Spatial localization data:
────

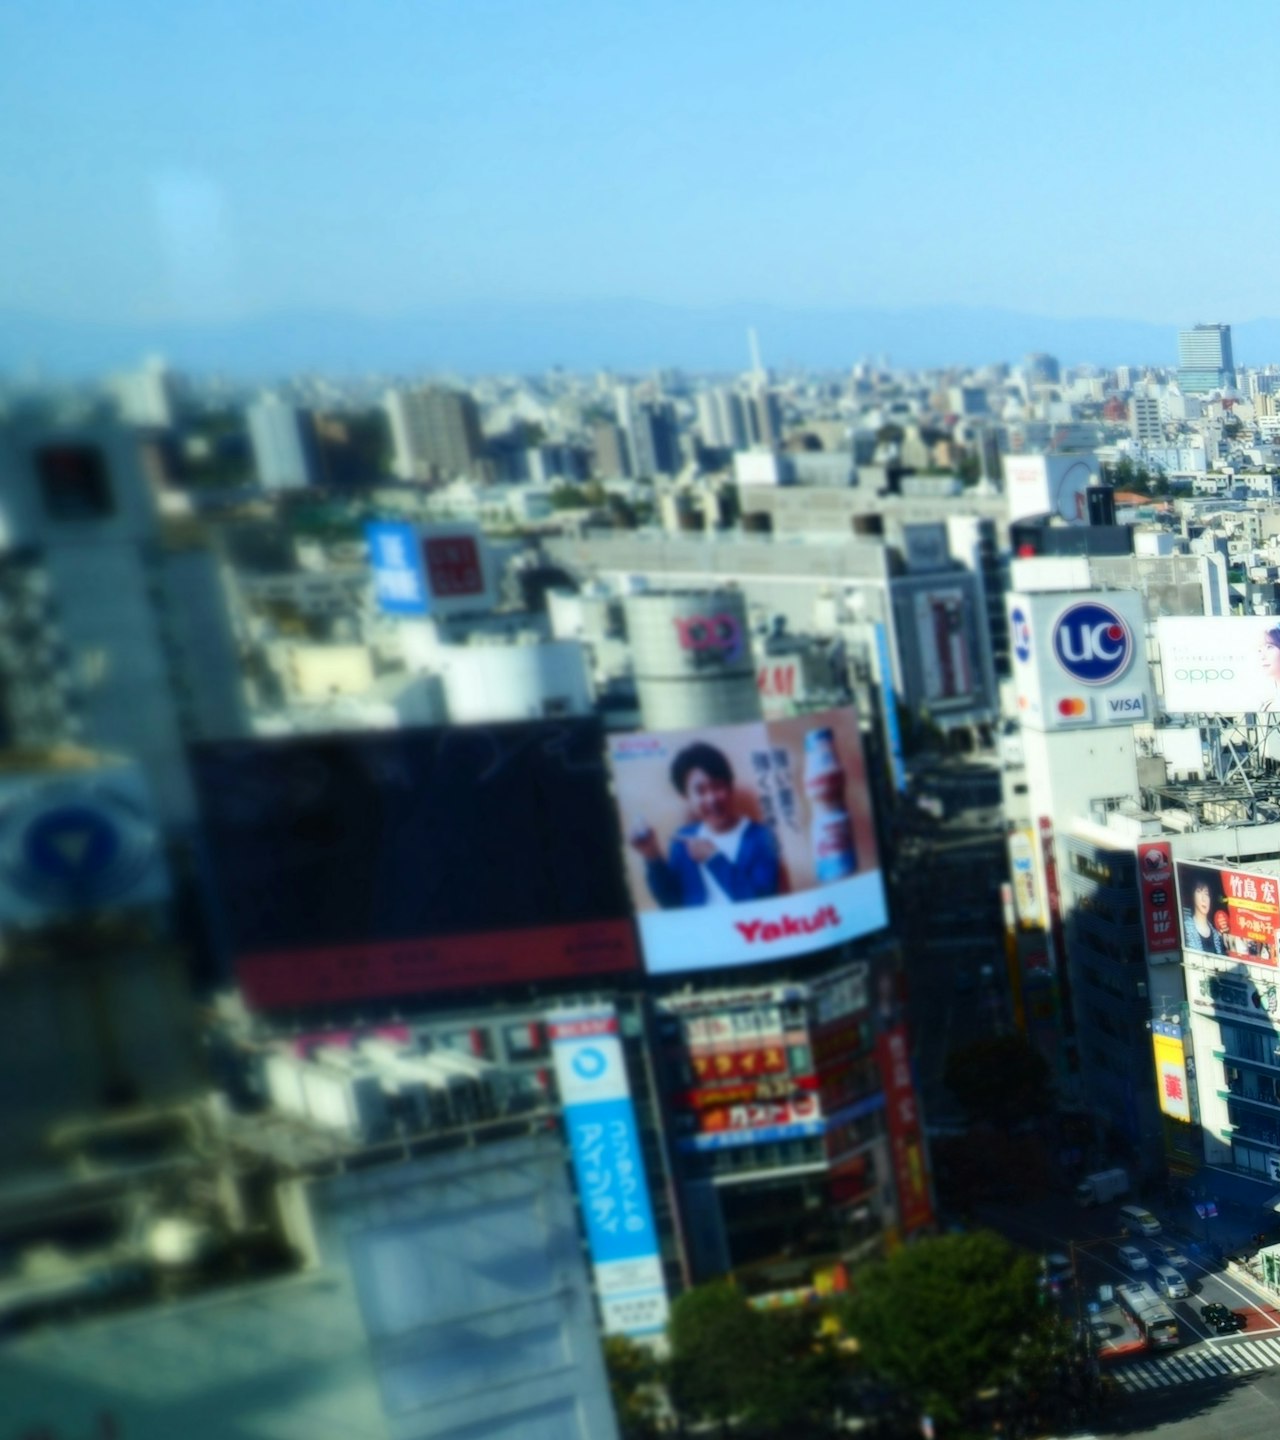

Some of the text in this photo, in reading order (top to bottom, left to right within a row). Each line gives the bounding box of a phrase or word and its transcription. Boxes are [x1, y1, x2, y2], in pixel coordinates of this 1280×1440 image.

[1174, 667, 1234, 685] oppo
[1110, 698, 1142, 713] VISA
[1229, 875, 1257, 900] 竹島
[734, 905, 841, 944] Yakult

────

- [WHAT IS EXPECTED]
Please set down the records exactly, and keep every image out of the copy.

- [SOLUTION TO THE EXERCISE]
Some of the text in this photo, in reading order (top to bottom, left to right within a row). Each line gives the bounding box of a phrase or word and its transcription. Boxes are [x1, y1, x2, y2], in pixel coordinates of this 1280×1440 image.

[1174, 667, 1234, 685] oppo
[1110, 698, 1142, 713] VISA
[1229, 875, 1257, 900] 竹島
[734, 905, 841, 944] Yakult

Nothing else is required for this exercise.